Image-backed grounding data:
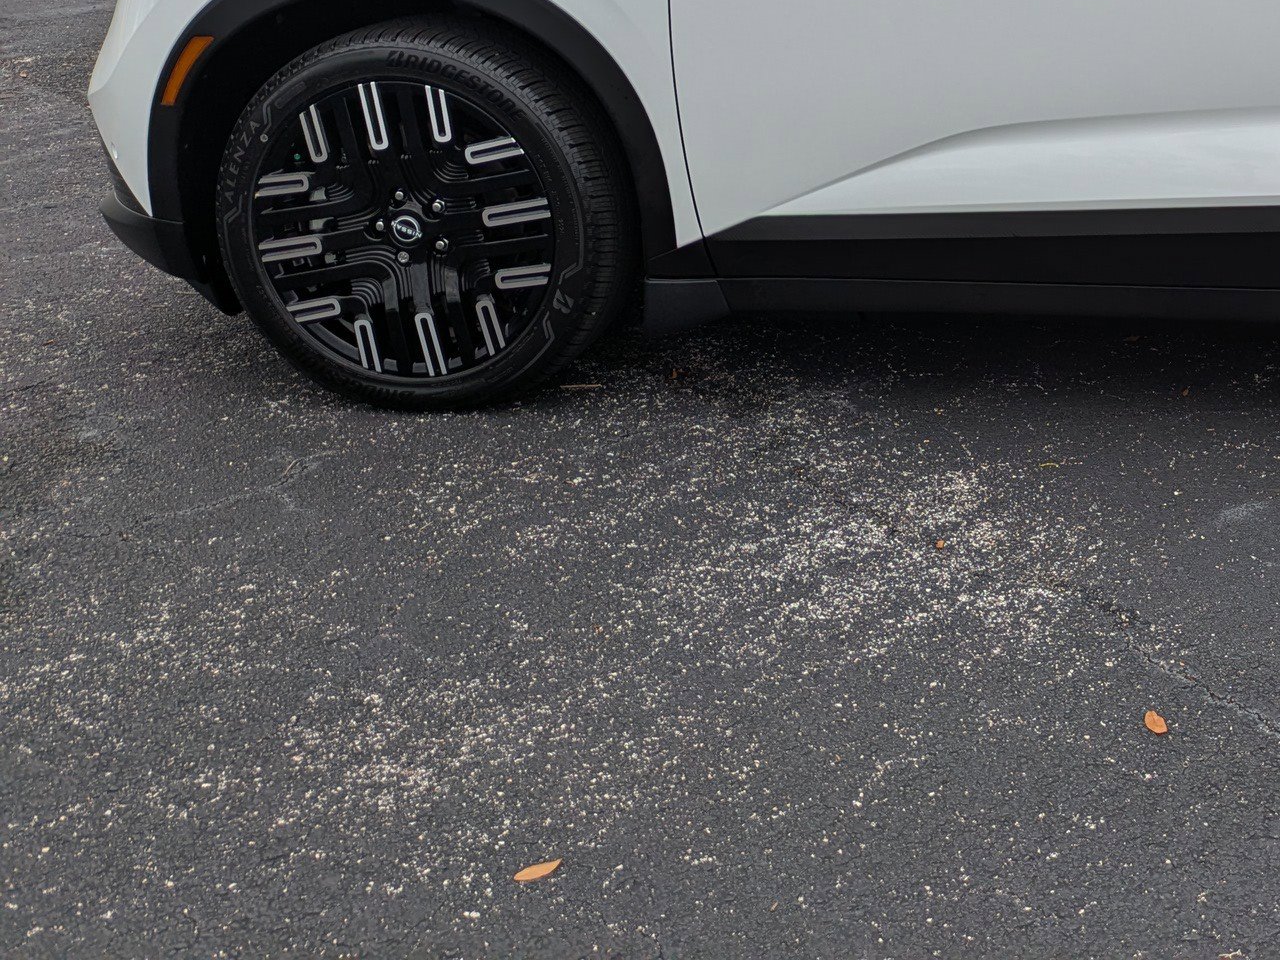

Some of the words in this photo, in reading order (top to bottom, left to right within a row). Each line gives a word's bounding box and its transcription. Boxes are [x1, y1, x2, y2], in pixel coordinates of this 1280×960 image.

[386, 49, 525, 122] BRIDGESTONE
[224, 119, 262, 203] ALENZA
[391, 220, 423, 239] NISSAN
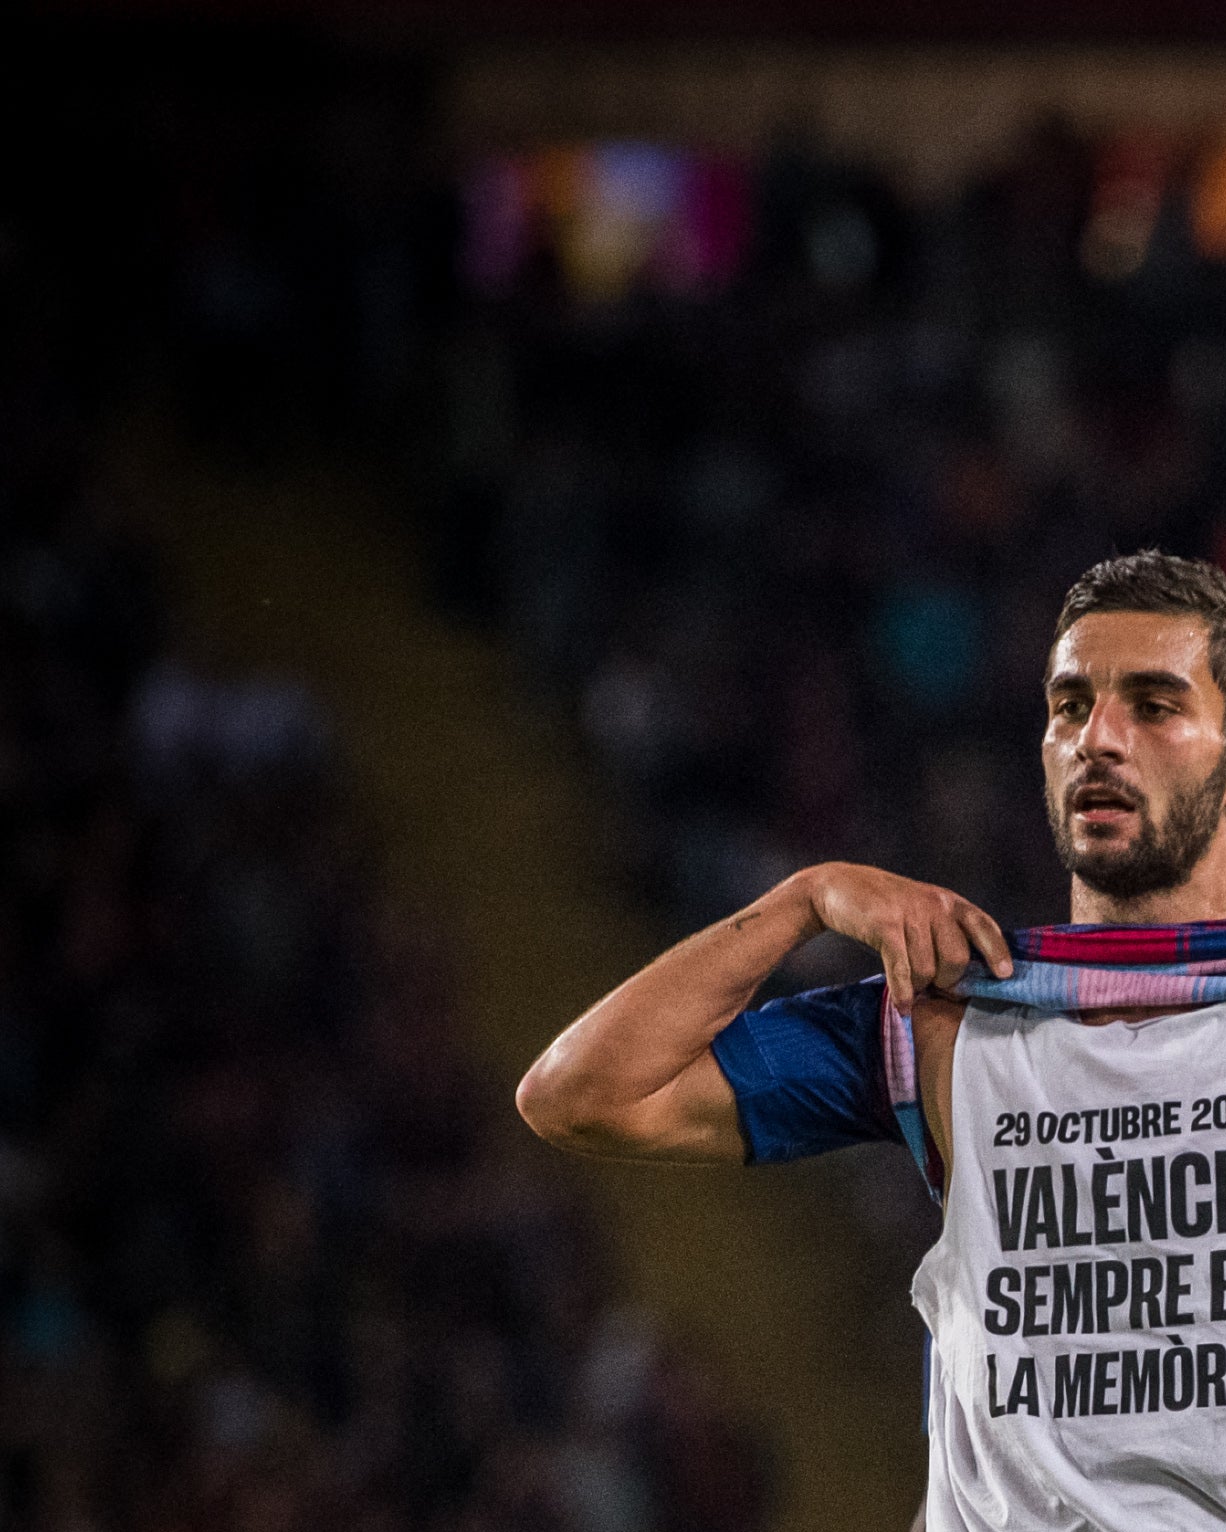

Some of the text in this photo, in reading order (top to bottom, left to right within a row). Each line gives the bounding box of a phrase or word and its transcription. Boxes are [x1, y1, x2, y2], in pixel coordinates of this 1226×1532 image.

[992, 1111, 1032, 1148] 29
[1036, 1101, 1183, 1145] OCTUBRE
[984, 1253, 1197, 1338] SEMPRE
[986, 1352, 1041, 1420] LA
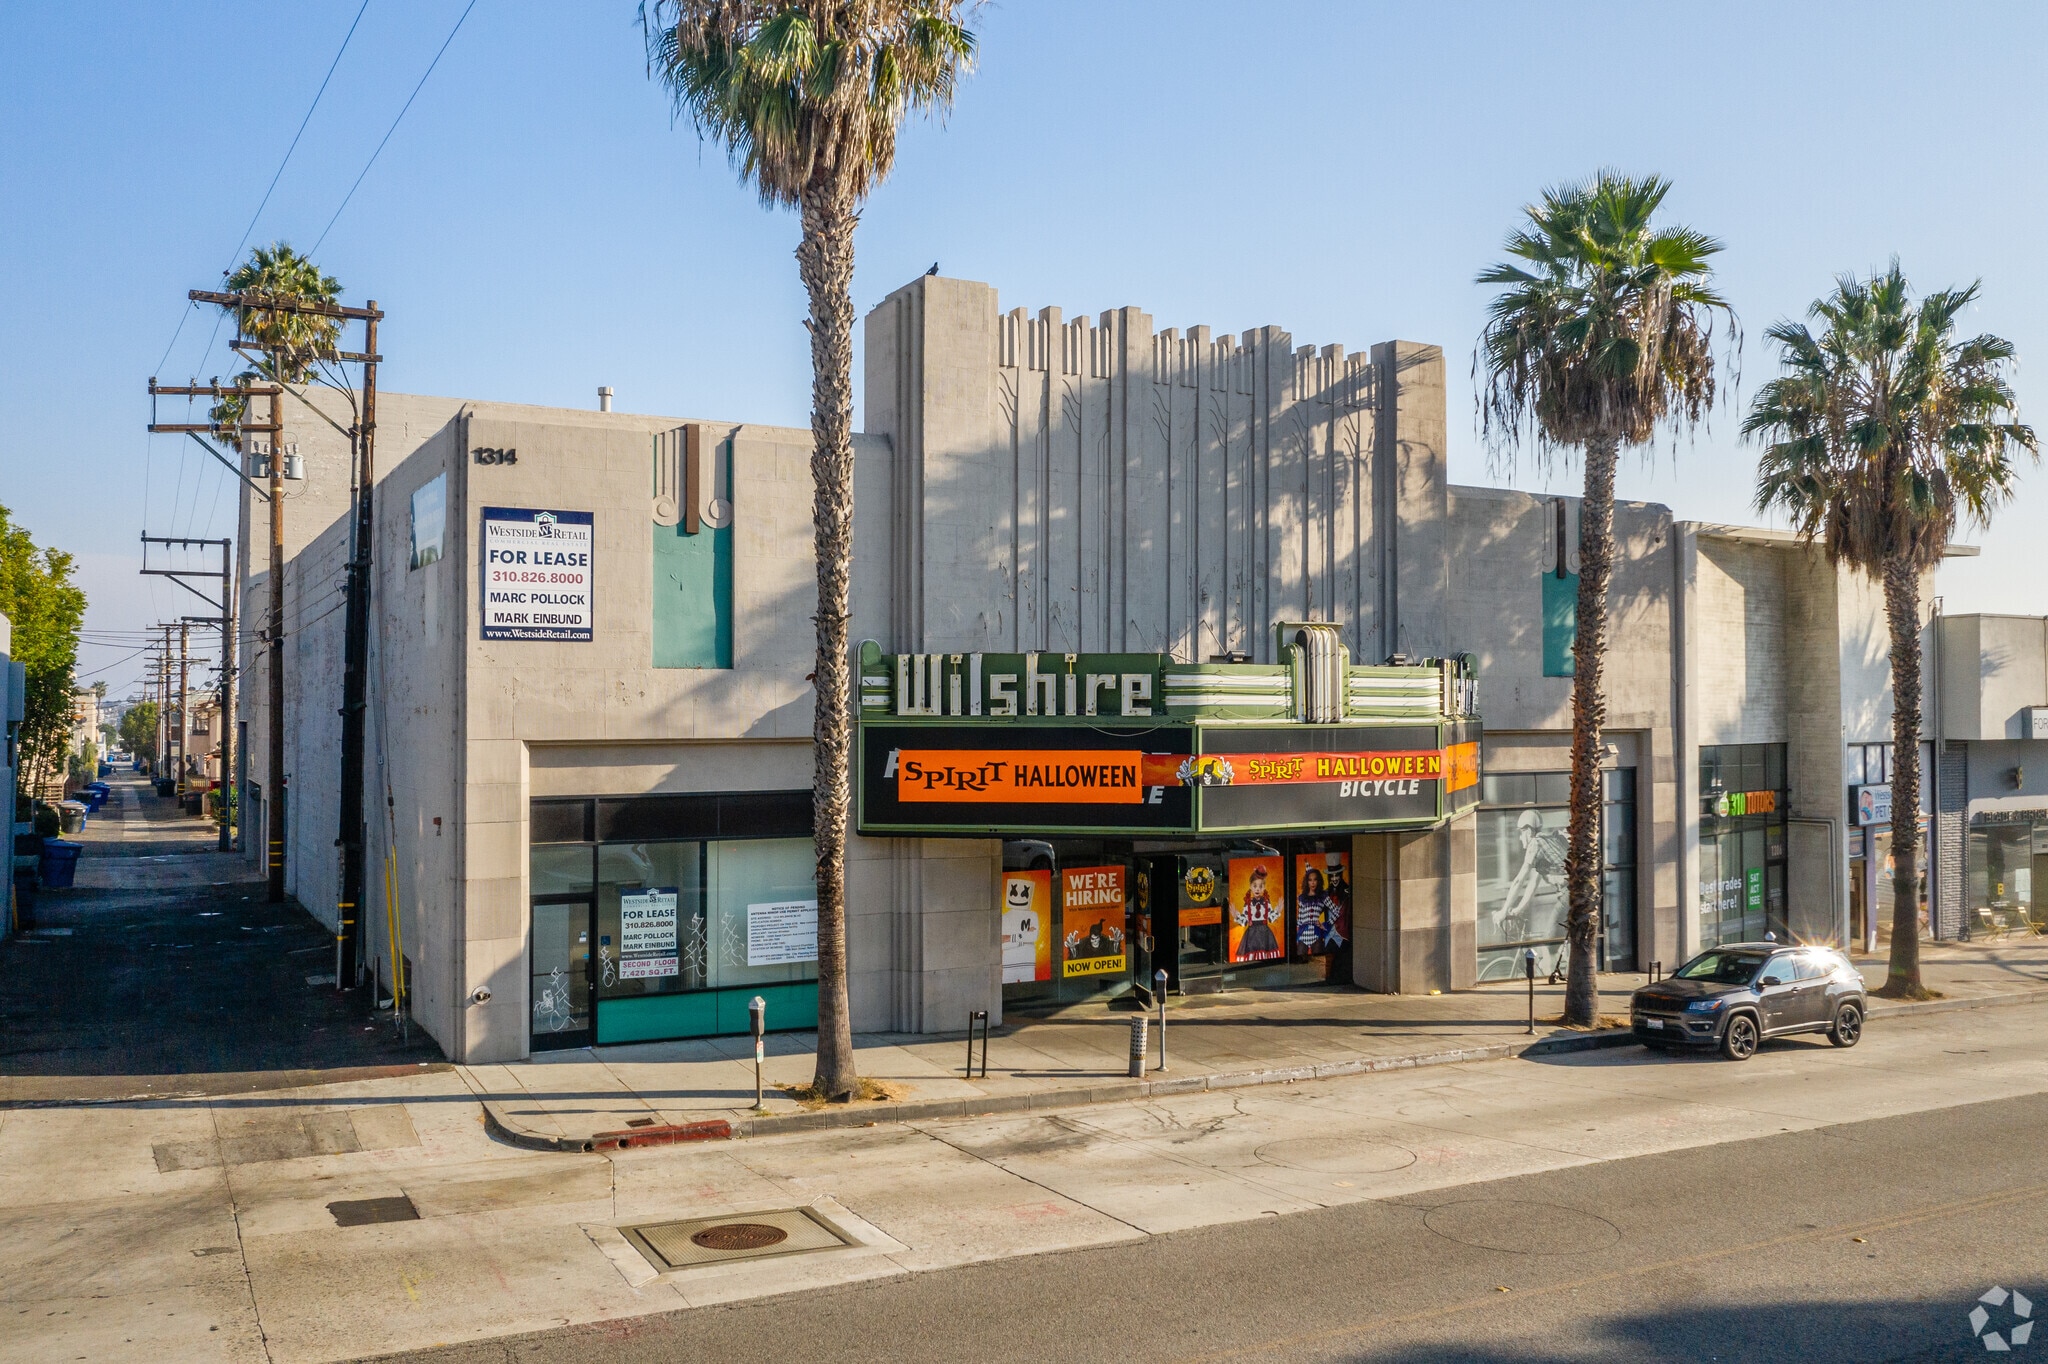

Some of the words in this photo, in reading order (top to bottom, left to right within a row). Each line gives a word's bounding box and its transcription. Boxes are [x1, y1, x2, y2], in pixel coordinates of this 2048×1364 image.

## Work to be completed
Return all the entries word for word, but omit any pictures they contain.

## Response to the task
Some of the words in this photo, in reading order (top to bottom, left to right within a row). Each line gives a word's bounding box and its transcription. Boxes are [x1, y1, x2, y2], in pixel coordinates of this 1280×960 image.

[386, 49, 525, 122] BRIDGESTONE
[224, 119, 262, 203] ALENZA
[391, 220, 423, 239] NISSAN

Some of the text in this photo, in reading order (top to bottom, left to right within a row). Each line gives the bounding box of a phrase or word and its transcription. Boxes are [x1, y1, x2, y2], in pixel coordinates of this 1226×1532 image.

[992, 1111, 1032, 1148] 29
[1036, 1101, 1183, 1145] OCTUBRE
[984, 1253, 1197, 1338] SEMPRE
[986, 1352, 1041, 1420] LA

Some of the words in this photo, in reading order (top to bottom, left to right within a row). Each line gives a word's bounding box and its transcription. Boxes are [x1, y1, x2, y2], in pixel coordinates of this 2048×1364 image.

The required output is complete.